Le film présenté cette année à Cannes (où il a reçu le prix du scénario) se situe dans cette lignée. Panahi a tourné avec une économie de moyens : un ordiphone (utilisé par la jeune femme qui appelle au secours), une mini-caméra fixée à l'avant de la voiture et une autre, plus haut-de-gamme, manipulée par un technicien (ou Panahi lui-même).
L'action se déroule loin de Téhéran (et de la police du régime des mollahs) dans le nord-ouest de l'Iran, où vit une population turcophone :
Pour un public peu attentif, cela n'a guère d'importance. Ceux qui tendent l'oreille s'apercevront que les sonorités changent selon la personne qui parle. Les villageois s'expriment majoritairement en turc, les citadins en farsi (persan). Le réalisateur est d'ailleurs originaire de cette région, berceau de sa famille.
Cela conduit les spectateurs à se poser des questions. Est-ce bien une fiction qui se déroule sous leurs yeux ? Ne s'agit-il pas plutôt d'un documentaire ? Ou bien le réalisateur ne mêle-t-il pas les deux ? L'actrice principale, qui joue son propre rôle (celui d'une comédienne célèbre dans tout le pays, qu'une jeune femme a appelée au secours), se demande dans quelle galère elle s'est embarquée, d'autant plus qu'elle n'a pas la même vision des choses que Panahi. Elle en vient même à contester son expertise de la vidéo qui a été envoyée par téléphone, vexant le réalisateur, qui sort de la voiture et continue à pieds, boudeur !

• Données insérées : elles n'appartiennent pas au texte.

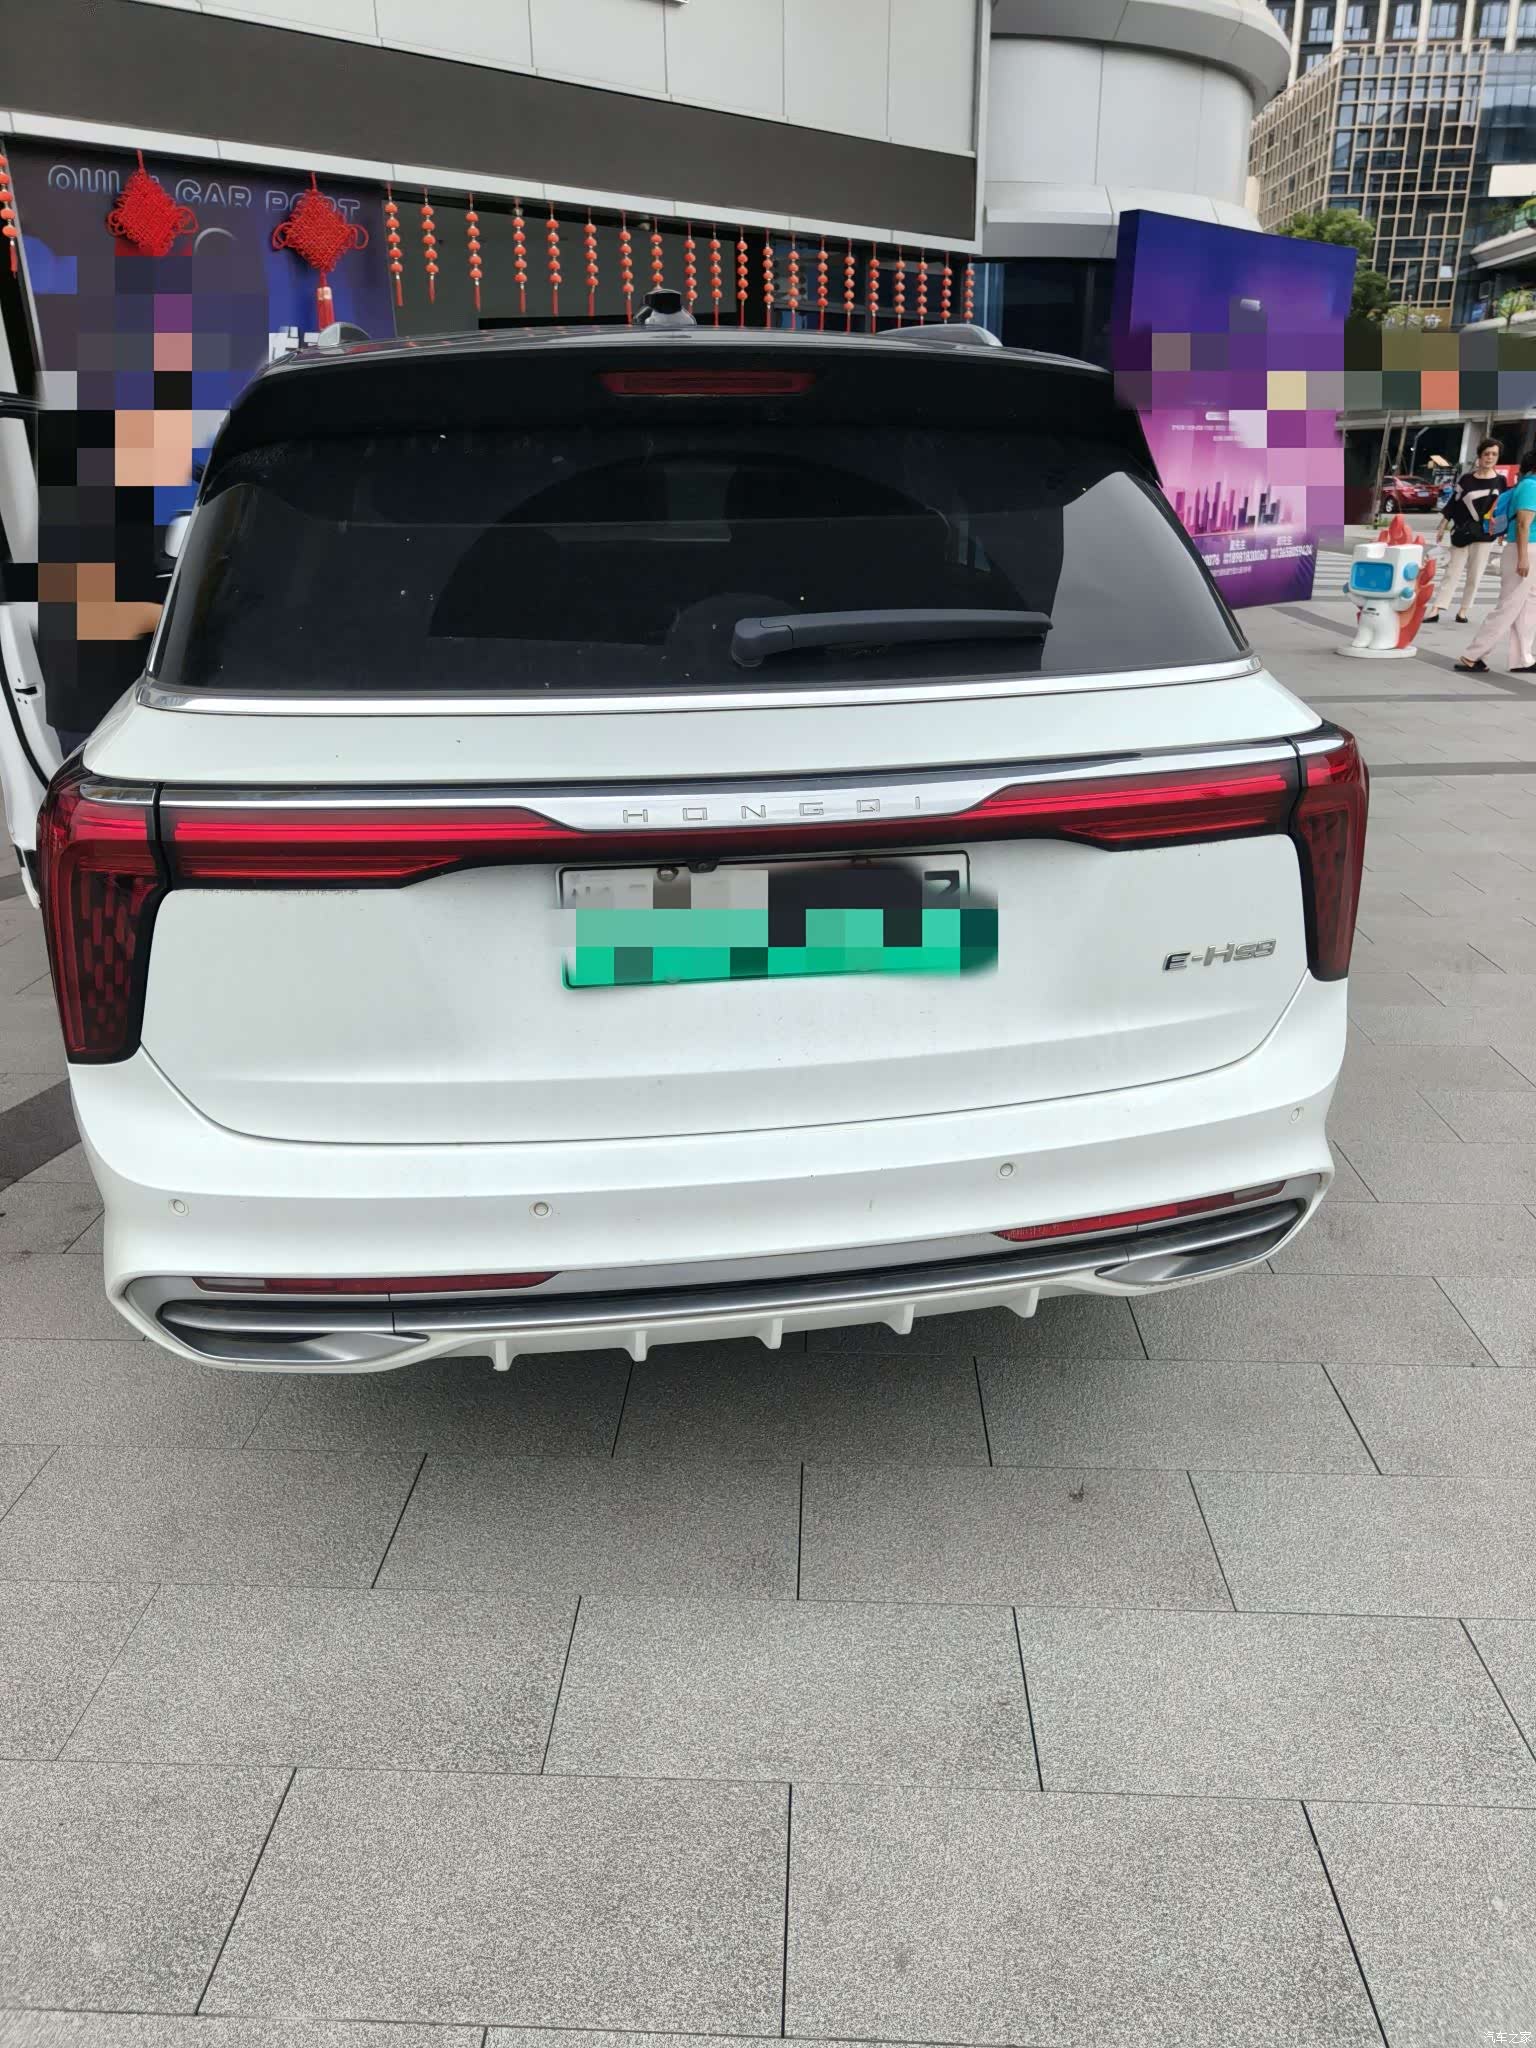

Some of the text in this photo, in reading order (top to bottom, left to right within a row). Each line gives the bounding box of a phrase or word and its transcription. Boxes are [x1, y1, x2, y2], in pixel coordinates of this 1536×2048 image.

[175, 178, 252, 209] CAR
[622, 795, 921, 824] HONGQI
[1162, 939, 1277, 972] E-HS9

C'est la première séquence qui a tout déclenché. Une jeune femme (visage n°1) se filme dans un endroit isolé et vide son sac. Elle était sur le point de réaliser son rêve (intégrer la très sélective école des Beaux-Arts de Téhéran... une sacrée performance pour une fille de paysans azéris), mais voilà que sa famille et le village se liguent contre elle, la traitant d'écervelée. On veut la forcer à se marier très vite. La séquence, filmée au téléphone, est d'un réalisme troublant.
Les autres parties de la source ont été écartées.